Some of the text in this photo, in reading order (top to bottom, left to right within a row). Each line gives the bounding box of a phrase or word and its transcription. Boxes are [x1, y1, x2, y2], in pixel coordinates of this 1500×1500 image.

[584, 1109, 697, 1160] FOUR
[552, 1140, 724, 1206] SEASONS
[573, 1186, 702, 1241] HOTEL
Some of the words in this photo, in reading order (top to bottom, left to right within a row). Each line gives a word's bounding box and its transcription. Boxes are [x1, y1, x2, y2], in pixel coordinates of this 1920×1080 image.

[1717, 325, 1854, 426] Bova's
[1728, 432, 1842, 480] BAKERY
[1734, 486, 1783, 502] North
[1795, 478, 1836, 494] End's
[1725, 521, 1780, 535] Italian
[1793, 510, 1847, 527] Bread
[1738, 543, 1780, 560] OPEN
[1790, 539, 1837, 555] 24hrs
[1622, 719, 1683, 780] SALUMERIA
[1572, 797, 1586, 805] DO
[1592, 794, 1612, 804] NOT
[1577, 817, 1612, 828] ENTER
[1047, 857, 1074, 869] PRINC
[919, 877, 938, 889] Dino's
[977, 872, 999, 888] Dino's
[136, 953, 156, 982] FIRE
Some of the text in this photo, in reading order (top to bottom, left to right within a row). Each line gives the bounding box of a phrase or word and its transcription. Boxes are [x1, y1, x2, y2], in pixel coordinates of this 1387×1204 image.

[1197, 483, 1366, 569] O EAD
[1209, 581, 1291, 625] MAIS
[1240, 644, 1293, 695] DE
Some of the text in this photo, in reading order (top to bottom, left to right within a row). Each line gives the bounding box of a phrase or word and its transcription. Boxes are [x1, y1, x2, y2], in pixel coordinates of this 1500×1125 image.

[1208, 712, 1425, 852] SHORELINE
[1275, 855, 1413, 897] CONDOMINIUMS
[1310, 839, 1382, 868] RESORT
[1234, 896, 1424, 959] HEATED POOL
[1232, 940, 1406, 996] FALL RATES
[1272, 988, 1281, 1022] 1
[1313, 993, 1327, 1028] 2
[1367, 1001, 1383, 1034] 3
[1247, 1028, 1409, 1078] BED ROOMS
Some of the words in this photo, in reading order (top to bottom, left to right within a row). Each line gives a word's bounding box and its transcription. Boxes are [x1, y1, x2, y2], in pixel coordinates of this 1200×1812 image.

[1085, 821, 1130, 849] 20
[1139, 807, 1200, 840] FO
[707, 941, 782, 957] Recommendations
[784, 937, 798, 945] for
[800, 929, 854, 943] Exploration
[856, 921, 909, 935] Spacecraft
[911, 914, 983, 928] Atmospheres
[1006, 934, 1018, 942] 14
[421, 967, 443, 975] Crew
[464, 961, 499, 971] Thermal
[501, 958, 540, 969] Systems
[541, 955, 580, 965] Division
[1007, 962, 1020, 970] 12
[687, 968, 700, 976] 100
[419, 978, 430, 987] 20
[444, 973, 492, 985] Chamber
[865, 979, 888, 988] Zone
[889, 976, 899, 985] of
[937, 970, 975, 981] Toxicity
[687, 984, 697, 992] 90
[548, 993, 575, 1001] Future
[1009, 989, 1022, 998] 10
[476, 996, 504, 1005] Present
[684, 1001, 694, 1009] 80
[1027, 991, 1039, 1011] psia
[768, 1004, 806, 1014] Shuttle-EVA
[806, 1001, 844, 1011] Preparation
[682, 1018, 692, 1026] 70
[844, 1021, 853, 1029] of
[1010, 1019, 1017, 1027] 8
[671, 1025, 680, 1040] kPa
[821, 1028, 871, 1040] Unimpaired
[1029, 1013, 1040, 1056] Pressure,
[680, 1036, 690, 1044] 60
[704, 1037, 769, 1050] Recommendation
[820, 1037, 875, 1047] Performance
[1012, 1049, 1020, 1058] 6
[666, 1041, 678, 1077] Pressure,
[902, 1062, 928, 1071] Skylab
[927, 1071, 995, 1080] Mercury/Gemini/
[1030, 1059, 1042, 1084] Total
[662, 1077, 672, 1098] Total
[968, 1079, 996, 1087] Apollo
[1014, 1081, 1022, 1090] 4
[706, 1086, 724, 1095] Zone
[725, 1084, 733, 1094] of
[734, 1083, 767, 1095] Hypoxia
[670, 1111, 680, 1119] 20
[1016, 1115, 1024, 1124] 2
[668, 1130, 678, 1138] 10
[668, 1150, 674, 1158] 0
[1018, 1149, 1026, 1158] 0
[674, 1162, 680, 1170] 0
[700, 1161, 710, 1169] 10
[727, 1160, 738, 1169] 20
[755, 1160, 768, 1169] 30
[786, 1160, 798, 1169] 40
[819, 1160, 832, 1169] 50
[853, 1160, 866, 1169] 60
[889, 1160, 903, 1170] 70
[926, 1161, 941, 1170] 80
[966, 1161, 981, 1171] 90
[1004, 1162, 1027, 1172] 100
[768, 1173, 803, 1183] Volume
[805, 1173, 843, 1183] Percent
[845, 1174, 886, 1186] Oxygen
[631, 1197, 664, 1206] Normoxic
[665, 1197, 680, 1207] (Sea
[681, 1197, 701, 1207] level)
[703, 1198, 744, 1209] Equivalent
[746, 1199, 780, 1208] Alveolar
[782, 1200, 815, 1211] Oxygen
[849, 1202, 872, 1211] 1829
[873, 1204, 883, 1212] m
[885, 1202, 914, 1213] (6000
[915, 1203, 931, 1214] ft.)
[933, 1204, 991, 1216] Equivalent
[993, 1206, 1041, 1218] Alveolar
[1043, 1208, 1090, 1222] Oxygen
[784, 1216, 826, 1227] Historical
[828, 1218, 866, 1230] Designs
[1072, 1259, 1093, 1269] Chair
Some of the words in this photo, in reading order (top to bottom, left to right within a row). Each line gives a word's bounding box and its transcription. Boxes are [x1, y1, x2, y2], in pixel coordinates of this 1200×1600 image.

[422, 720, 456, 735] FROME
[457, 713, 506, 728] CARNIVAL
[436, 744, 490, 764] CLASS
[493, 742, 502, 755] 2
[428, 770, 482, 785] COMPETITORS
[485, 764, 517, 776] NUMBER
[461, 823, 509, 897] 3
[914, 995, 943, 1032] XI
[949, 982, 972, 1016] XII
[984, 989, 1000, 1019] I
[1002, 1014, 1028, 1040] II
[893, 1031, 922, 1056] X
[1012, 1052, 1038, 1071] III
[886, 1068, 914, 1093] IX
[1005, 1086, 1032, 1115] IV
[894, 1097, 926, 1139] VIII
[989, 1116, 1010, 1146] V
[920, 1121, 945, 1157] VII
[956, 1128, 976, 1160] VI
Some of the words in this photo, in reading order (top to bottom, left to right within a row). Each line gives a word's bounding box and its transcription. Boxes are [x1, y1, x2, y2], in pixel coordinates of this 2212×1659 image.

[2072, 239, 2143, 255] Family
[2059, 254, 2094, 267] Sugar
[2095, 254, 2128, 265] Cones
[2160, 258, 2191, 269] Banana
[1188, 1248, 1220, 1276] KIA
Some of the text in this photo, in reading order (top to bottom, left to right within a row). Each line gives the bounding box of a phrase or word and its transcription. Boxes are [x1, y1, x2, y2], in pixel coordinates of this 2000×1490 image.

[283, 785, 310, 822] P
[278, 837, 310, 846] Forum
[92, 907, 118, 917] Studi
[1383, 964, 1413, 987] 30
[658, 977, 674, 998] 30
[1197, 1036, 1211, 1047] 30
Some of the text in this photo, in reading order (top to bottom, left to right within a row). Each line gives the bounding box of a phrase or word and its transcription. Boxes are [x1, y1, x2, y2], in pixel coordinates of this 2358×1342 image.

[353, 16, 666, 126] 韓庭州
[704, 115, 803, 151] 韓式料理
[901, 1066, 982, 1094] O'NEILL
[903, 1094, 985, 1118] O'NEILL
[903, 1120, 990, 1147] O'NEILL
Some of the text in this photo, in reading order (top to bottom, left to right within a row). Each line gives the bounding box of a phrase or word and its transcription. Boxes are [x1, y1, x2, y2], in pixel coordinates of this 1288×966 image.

**********

## Directions
Only the lines from the one with "this 2000×1490 image." through the final line above belong in the answer, each retyped exactly.

## Solution to the problem
Some of the text in this photo, in reading order (top to bottom, left to right within a row). Each line gives the bounding box of a phrase or word and its transcription. Boxes are [x1, y1, x2, y2], in pixel coordinates of this 2000×1490 image.

[283, 785, 310, 822] P
[278, 837, 310, 846] Forum
[92, 907, 118, 917] Studi
[1383, 964, 1413, 987] 30
[658, 977, 674, 998] 30
[1197, 1036, 1211, 1047] 30
Some of the text in this photo, in reading order (top to bottom, left to right within a row). Each line gives the bounding box of a phrase or word and its transcription. Boxes are [x1, y1, x2, y2], in pixel coordinates of this 2358×1342 image.

[353, 16, 666, 126] 韓庭州
[704, 115, 803, 151] 韓式料理
[901, 1066, 982, 1094] O'NEILL
[903, 1094, 985, 1118] O'NEILL
[903, 1120, 990, 1147] O'NEILL
Some of the text in this photo, in reading order (top to bottom, left to right within a row). Each line gives the bounding box of a phrase or word and its transcription. Boxes are [x1, y1, x2, y2], in pixel coordinates of this 1288×966 image.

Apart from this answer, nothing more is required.